▶ **What is being asked**:
For this exercise, transcribe all the entries exactly as given and omit the images.

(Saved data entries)
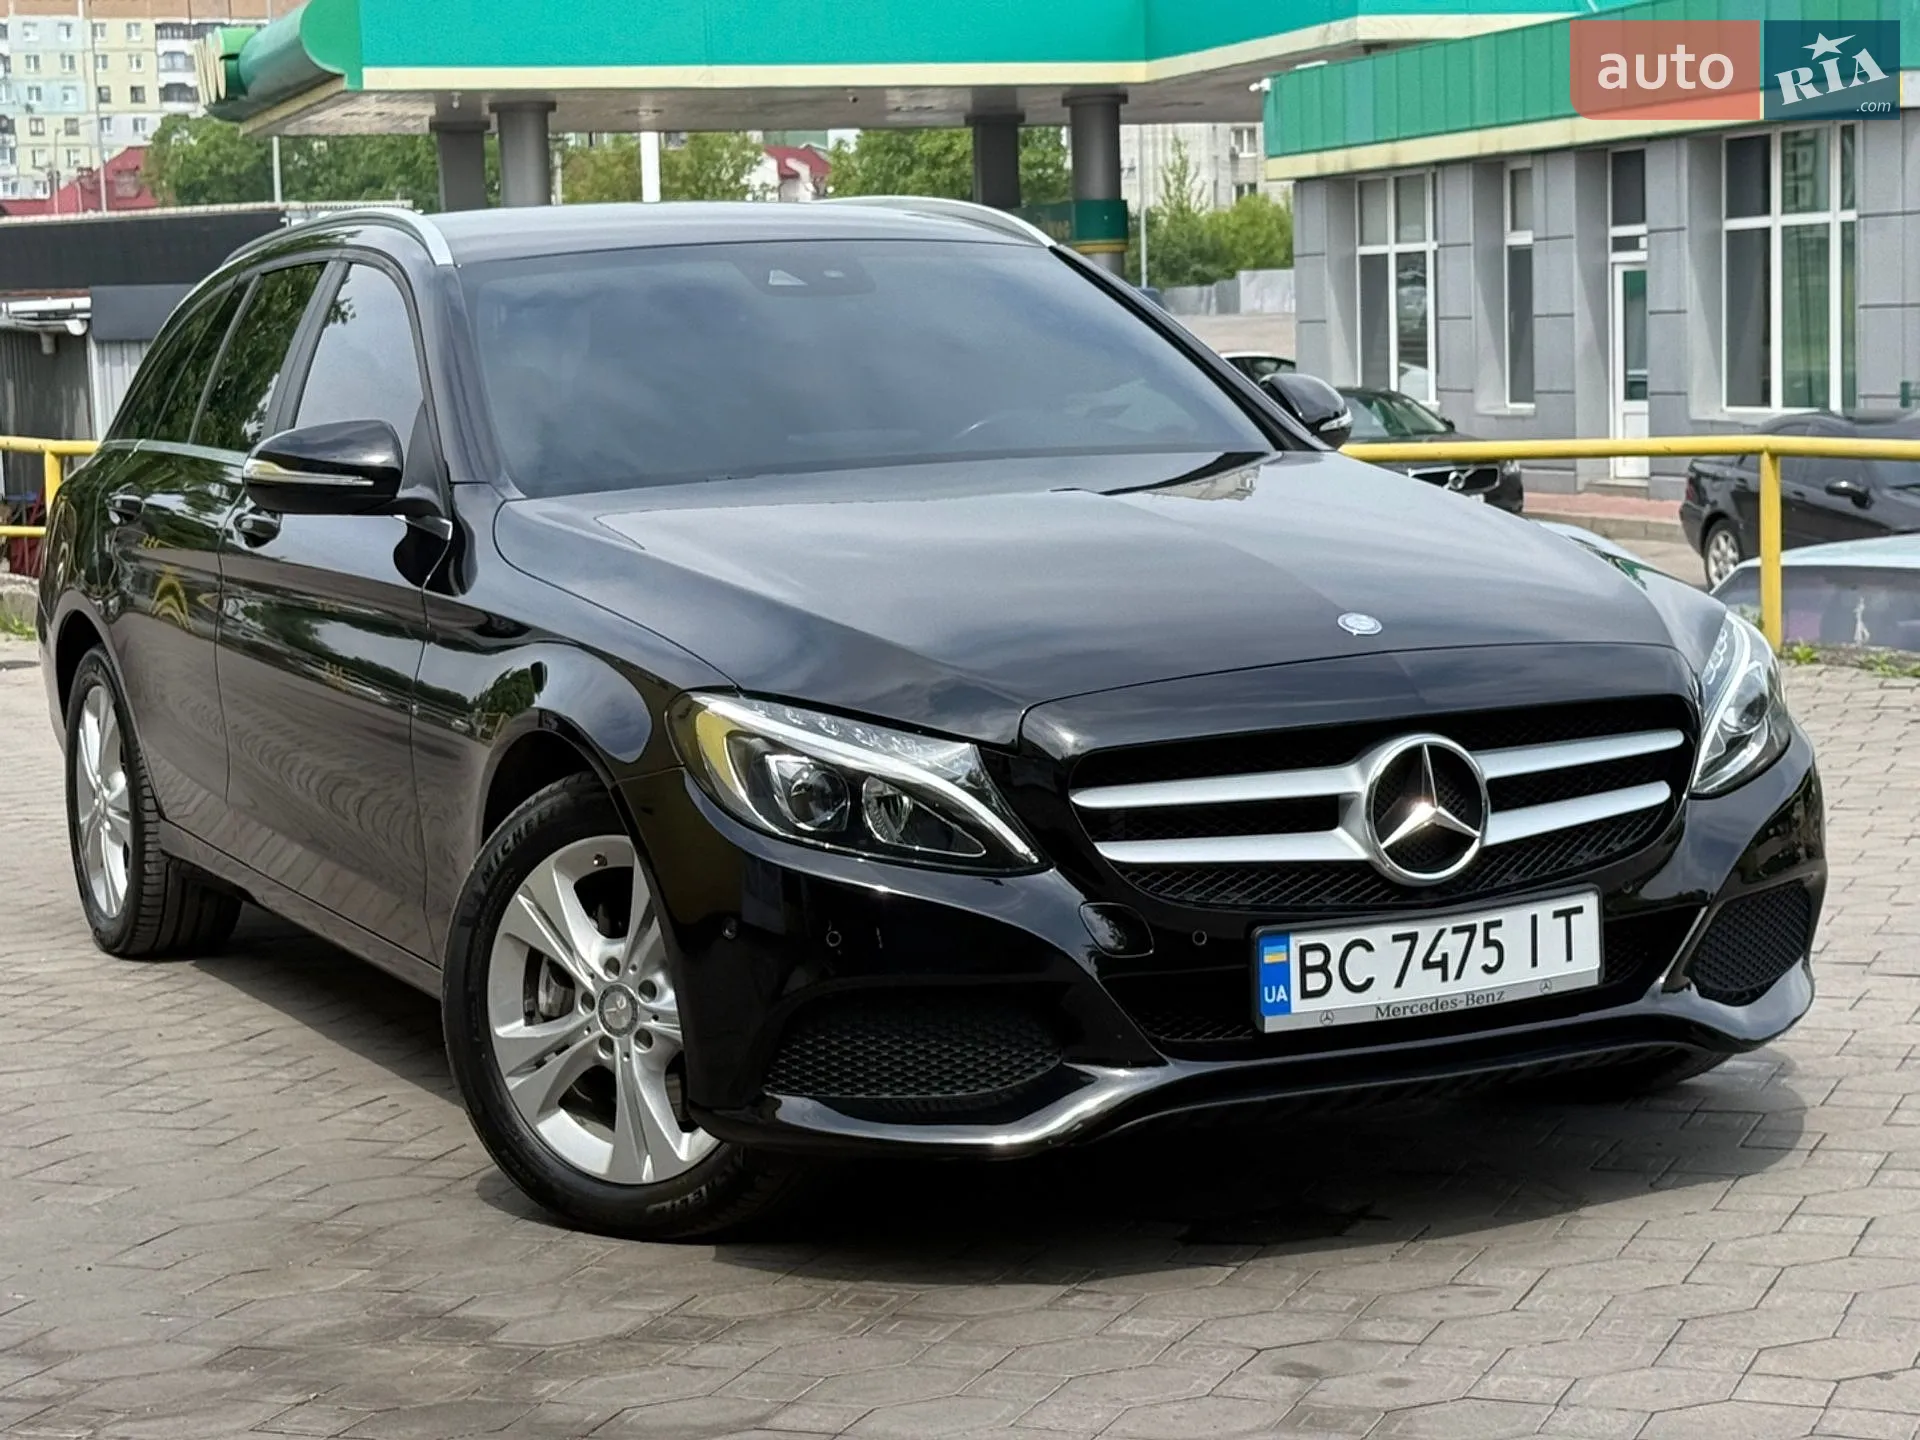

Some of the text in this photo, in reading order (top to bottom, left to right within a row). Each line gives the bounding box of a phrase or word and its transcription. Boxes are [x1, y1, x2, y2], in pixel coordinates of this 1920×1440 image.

[481, 804, 558, 885] MICHEL
[1299, 905, 1585, 1001] BC 7475 IT
[1263, 986, 1288, 1004] UA
[1374, 990, 1506, 1020] Mercedes-Benz

▶ **Output for this exercise**:
Some of the text in this photo, in reading order (top to bottom, left to right within a row). Each line gives the bounding box of a phrase or word and its transcription. Boxes are [x1, y1, x2, y2], in pixel coordinates of this 1920×1440 image.

[481, 804, 558, 885] MICHEL
[1299, 905, 1585, 1001] BC 7475 IT
[1263, 986, 1288, 1004] UA
[1374, 990, 1506, 1020] Mercedes-Benz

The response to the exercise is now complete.